# Finding Intensity from an Electric Dipole

1. Apr 15, 2013

### RLOrion

The problem:

You and your engineering crew are in charge of setting up a wireless telephone network for a village in a mountainous region. The transmitting antenna of one station is an electric dipole antenna located atop a mountain 2.00 km above sea level. There is a nearby mountain that is 7 km away and is also 2.00 km above sea level. At that location, one member of the crew measures the intensity of the signal to be 4E-12 W/m2. What should be the intensity of the signal at the village that is located at sea level and 1.50 km from the transmitter?

Relevant Equations:

I=P/(4πr2)

Attempt at a Solution:

I decided to use the intensity measured on the opposite mountain to calculate the power of the antenna, and then use that answer to find the sea level intensity.

4*10-12=P/(4π70002)

P=0.00246 W

For sea level intensity:

r2=20002+15002 by Pythagorean theorem

I=0.00246/(4π(20002+15002))

Using this method, I got 3.136E-11 W/m2, which is apparently wrong. That's the only way I can think of to do the problem, so I'm stuck.

2. Apr 15, 2013

### TSny

Hello, RLOrion. Welcompe to PF!

Look at the note above problem 24 here .

3. Apr 16, 2013

### RLOrion

Thanks! I assume you're talking about the intensity varying by sin2(θ)/r2 if it's a dipole. Thanks for pointing that out; this is a Webassign problem, so that bit wasn't given.

I tried introducing this into the equation, but I still must be doing it wrong. It seemed to me that the power calculation wouldn't change as long as it's measured at the same altitude, assuming the dipole is vertically oriented. That would just make θ=90, so sin2(θ)=1.

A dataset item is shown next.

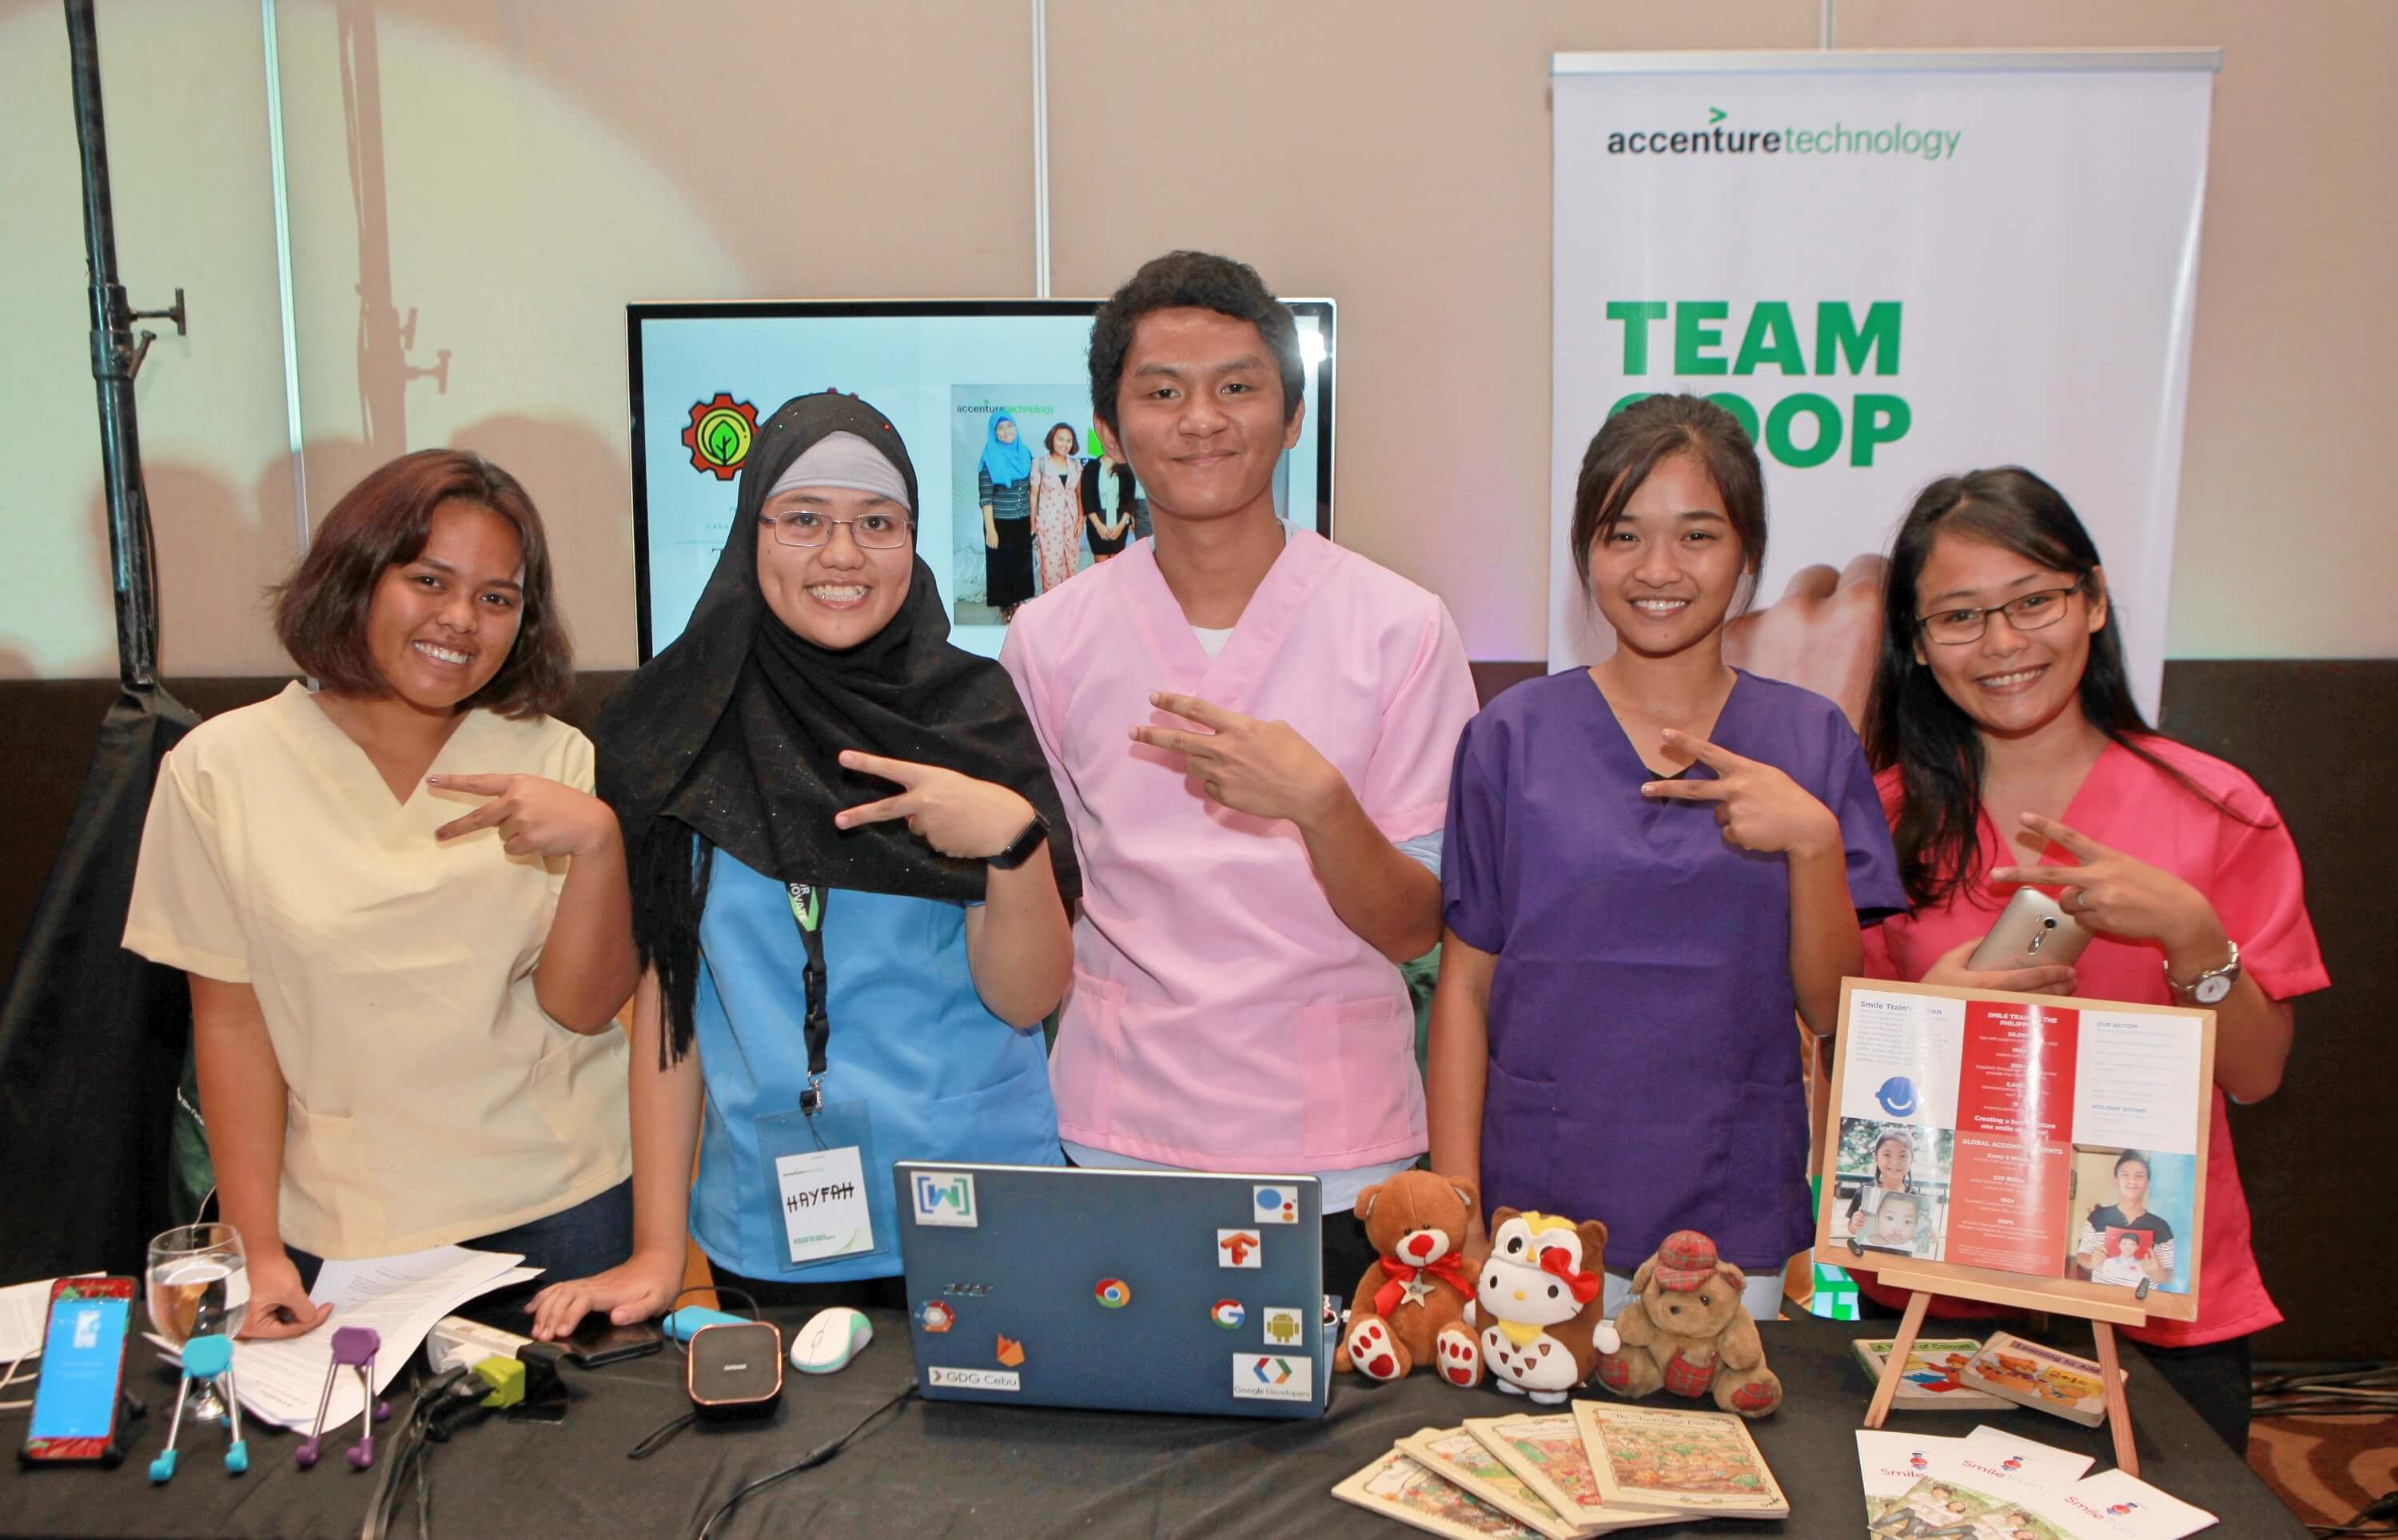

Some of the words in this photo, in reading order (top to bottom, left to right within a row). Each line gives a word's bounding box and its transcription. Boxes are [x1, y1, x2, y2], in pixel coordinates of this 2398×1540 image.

I changed the expression for I at sea level to P*sin2(θ)/(4πr2)
I found θ by calculating tan-1(1.5/2), which equals 36.87 degrees. Sin2(36.87)=0.36, and so I multiplied my original answer by 0.36 to get 1.129E-11 W/m2, which was still incorrect.

Sorry, could you give me another hint?

4. Apr 16, 2013

### TSny

For a dipole antenna, the formula for the intensity would not be I = Psin2θ/(4$\pi$r2). Some of the constants in the formula would be different.

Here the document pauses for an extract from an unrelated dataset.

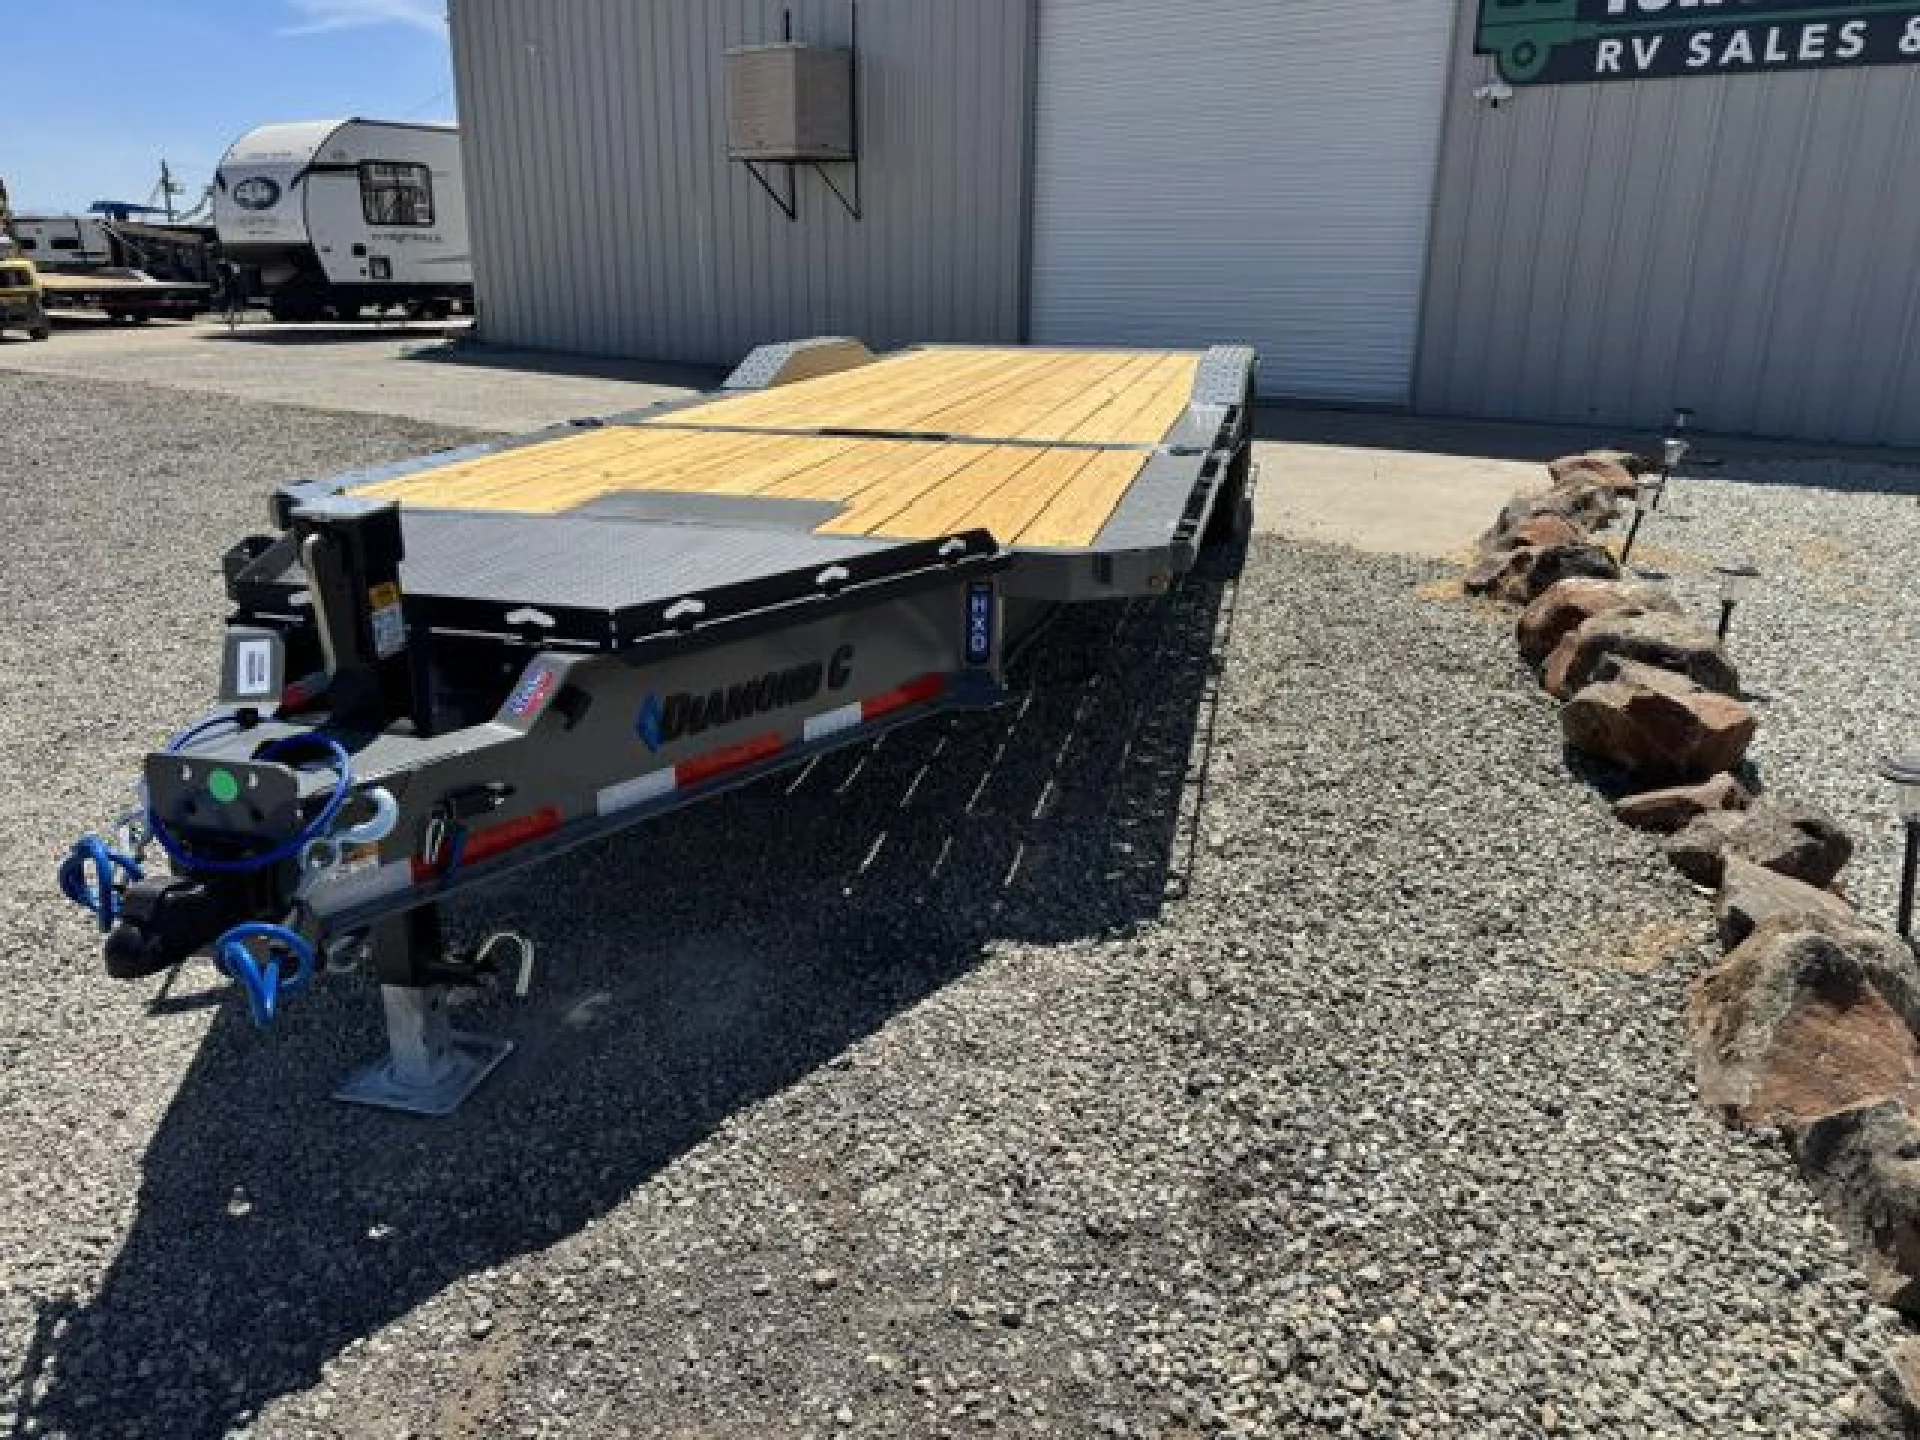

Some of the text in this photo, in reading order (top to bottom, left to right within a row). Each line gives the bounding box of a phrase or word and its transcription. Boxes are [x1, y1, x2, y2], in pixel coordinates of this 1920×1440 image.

[1596, 36, 1662, 72] RV
[1686, 20, 1867, 66] SALES
[827, 644, 854, 691] C

But all you need to know is that I is proportional to sin2θ/r2. Consider the ratio I2/I1 at the two locations.

EDIT: After plugging in numbers I get the same answer of 1.13 x 10-11 W/m2. I don't see where the mistake can be. I will think some more about it. One thing that sort of bothers me is that the problem isn't very clear about the exact location of the transmitter. At first I thought it would be up by the antenna, but that would put it more than 1.5 km from sea level. So, then I thought the transmitter might be at the base of the the mountain. But this apparently gives the answer we are getting. I noticed that all the numbers in the problem are the same as in problem 26 in the link I gave except for the distance between the two mountains which for your problem is 7 km. Is that right?

Last edited: Apr 16, 2013
5. Apr 16, 2013

### RLOrion

Yes, all the numbers except the distance are the same in the problem; Webassign changes some of the values for each question. I finally got the answer 55.7 pW/m2 using Webassign's practice questions, though I'm still not sure how to do the problem. I just divided the answer I was getting by the given answer in the practice problems, and found that my answer was off by the same factor each time.

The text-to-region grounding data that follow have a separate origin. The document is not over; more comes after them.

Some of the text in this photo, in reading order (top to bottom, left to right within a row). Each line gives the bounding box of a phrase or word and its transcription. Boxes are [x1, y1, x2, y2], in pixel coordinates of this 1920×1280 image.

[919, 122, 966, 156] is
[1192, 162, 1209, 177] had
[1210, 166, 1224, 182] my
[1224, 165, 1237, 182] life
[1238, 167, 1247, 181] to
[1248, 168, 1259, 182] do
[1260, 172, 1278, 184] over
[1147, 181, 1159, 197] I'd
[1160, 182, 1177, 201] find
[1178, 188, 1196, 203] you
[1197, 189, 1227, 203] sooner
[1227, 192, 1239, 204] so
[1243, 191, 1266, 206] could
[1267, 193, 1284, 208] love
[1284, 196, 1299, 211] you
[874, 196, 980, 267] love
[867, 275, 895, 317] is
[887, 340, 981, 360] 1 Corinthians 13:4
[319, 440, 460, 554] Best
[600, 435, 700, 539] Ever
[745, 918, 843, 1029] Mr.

What confused me was that the answer was greater than the one I was getting before I took θ into account. This seemed to imply that the angle of the antenna couldn't be vertical, and was closer to perpendicular with the ground receiver than the one on the opposite mountain. If that's the case, I wouldn't know how to even measure the power.

6. Apr 16, 2013

### TSny

I ran across someone's solution to the same problem with all the same numbers except for the distance between the mountains (which they have as 4.0 km).

They take r to be the distance between the transmitter and the village (1.5 km ). I don't see how this can be if the antenna is 2.0 km above sea level and the village is at sea level! I keep trying to visualize how that can be.

Also, their solution uses θ = 53.1o (the complement of 36.9o). Again, I can't understand why. I keep thinking that I'm misinterpreting the wording of the problem.

Last edited: Apr 17, 2013
7. Apr 17, 2013

### RLOrion

Yeah, I don't see why r would be that distance either. It seems to me that 53.1° would be correct if the angle of the antenna was horizontal, but that would cause the intensity at the opposite mountain to be measured as zero.

I just did the math using the method you described and got the right answer! I'm surprised that the 2 km height wasn't relevant, however.

Last edited: Apr 17, 2013